Anna Grazia Giulianelli in Thailandia

CESENA - Viaggiare, ha viaggiato: tutta l'Europa, poi il Sudafrica, la Thailandia, l'Etiopia , la Cina, il Paraguay, Cuba e gli Usa. Solo per citare le mete più note. Noi la "fermiamo", provvisoriamente, a Marina di Camerota, nel Cilento, in tenda, a riposarsi. Parla veloce, e sembra sorridere mentre racconta un pezzo grande della sua vita. Anna Grazia Giulianelli è fatta così, le piace scoprire universi nuovi, sperimentare culture, conoscere altra gente. E scontrarsi con loro. Il viaggio è un po' la metafora della sua vita, una vita che si è "impennata" improvvisamente quel 24 ottobre dell'86 sotto una pioggia torrenziale. Con un tonfo tremendo: lesione incompleta D12/L1, possibilità di cammino con stabilizzatori e tetrapodi. Eh? Impossibile: "Io volevo tornare a camminare, sentivo che potevo farcela, Alessia e Alice, le mie figlie, avevano ancora bisogno di me, e mio marito? E i miei colleghi? Camminerò, sento che ce la posso fare. Sento che le gambe migliorano giorno dopo giorno...". Ma l'universo nuovo era alle porte. Il miglioramento che Anna Grazia sentiva era soprattutto un'illusione, tecnicamente una semplice "ripresa dei muscoli innervati", una situazione prevista ma non risolutiva. Non utile, comunque, per tornare a camminare come avrebbe voluto. E la carrozzina è entrata nel suo quotidiano.

"Sono psicologa - racconta - e, dopo l'incidente, ho cercato di mettere a disposizione questa mia competenza per chi ha avuto problemi analoghi ai miei. Ho collaborato con la struttura di Montecatone dove hanno costituito un dipartimento per il reinserimento; con alcuni colleghi abbiamo fondato una società scientifica, la Società italiana di psicologia della lesione spinale ; spesso mi chiedono interventi a seminari e  convegni perché gli aspetti psicologici legati alla disabilità acquisita sono determinanti nel percorso riabilitativo. Un problema enorme per chi subisce una lesione spinale, è il reinserimento sociale, il ritorno a casa, il ritorno in un mondo diventato improvvisamente sconosciuto . Il percorso riabilitativo deve tenere conto di questi aspetti già subito dopo il trauma".

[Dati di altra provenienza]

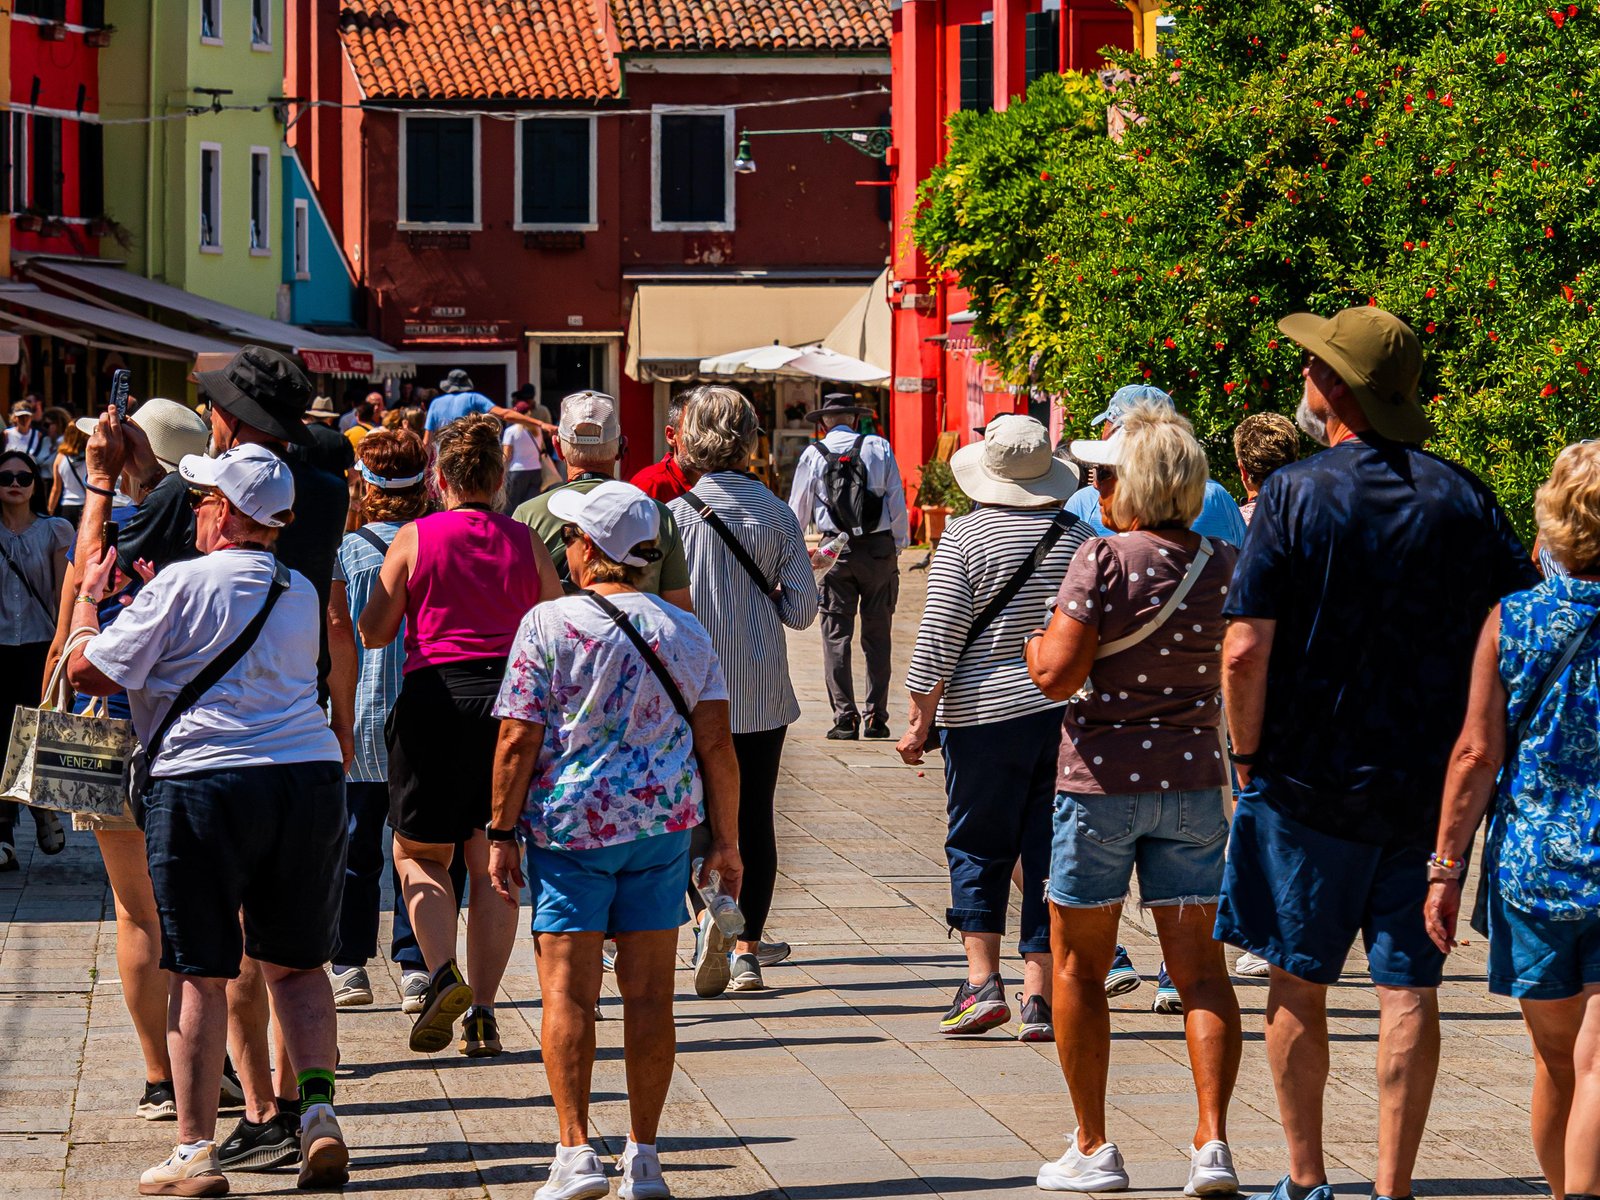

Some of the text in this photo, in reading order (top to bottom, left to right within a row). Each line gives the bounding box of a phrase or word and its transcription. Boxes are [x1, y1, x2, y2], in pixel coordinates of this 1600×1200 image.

[181, 465, 196, 479] ITALIA
[60, 754, 103, 771] VENEZIA
[960, 994, 977, 1012] HOKA

Viaggiare vuole dire superare ostacoli. Saltare asticelle, cadere. Arrabbiarsi anche. E, talvolta, rinunciare:  "Nei mie viaggi ho sperimentato tante volte cosa vuol dire "barriere architettoniche"  - racconta -  è un problema che c'è in tutto il mondo, tanto più in quello non occidentalizzato... Ma anche da noi i problemi sono incredibili. In Italia le leggi ci sarebbero anche  ma sono rari i tecnici che conoscono la materia mentre troppo spesso si incontrano strutture "accessibili", si fa per dire, dove viene da chiedersi a quale persona disabile pensavano quando le hanno realizzate. I primi tempi mi arrabbiavo ma c'era da arrabbiarsi tutti i giorni , entrare a far parte dell'Associazione paratetraplegici di Forlì-Cesena (aderente alla associazione Paratetraplegici Emilia-Romagna) è stato un momento di condivisione e di impegno importanti che durano tuttora mentre gli undici anni passati nel direttivo nazionale della Faip (federazione associazioni italiane paratetraplegici) mi hanno permesso di conoscere la realtà del nostro paese, un paese che va a velocità diverse anche in questo settore: le unità spinali sono poche e solo al centro nord".

Viaggiatrice, e psicologa. In sedia a ruote da 23 anni, Anna Grazia Giulianelli, oggi ha lasciato gran parte degli impegni e impiega il suo tempo libero viaggiando, oltre ad occuparsi di narrativa per ragazzi. Un altro modo di viaggiare, questo. Un altro sistema per fare volare la fantasia, senza perdere mai il contatto con la realtà. Un modo per ricordare l'infanzia delle sue due ragazze (oggi Alice ha 30 anni, Alessia 25) che l'hanno molto aiutata nel suo percorso riabilitativo.  "Grazie a loro, sono riuscita mettere in atto quella che secondo me è la modalità più adatta per affrontare un problema come il mio: costruire subito un percorso riabilitativo". 

"Il problema - conclude Anna Grazia, che è assistita Inail  - è che ogni volta che metto in atto una protesta, oggi - più di ieri - viene vista come un fatto personale, non come la rivendicazione del diritto di tutti alla mobilità e all'accessibilità . Ma se m'invitano a parlare ad un convegno e il palco non è accessibile, allora m'impunto...Prima mettono uno scivolo, poi inizio la mia conferenza". (Mauro Sarti)

(24 luglio 2009)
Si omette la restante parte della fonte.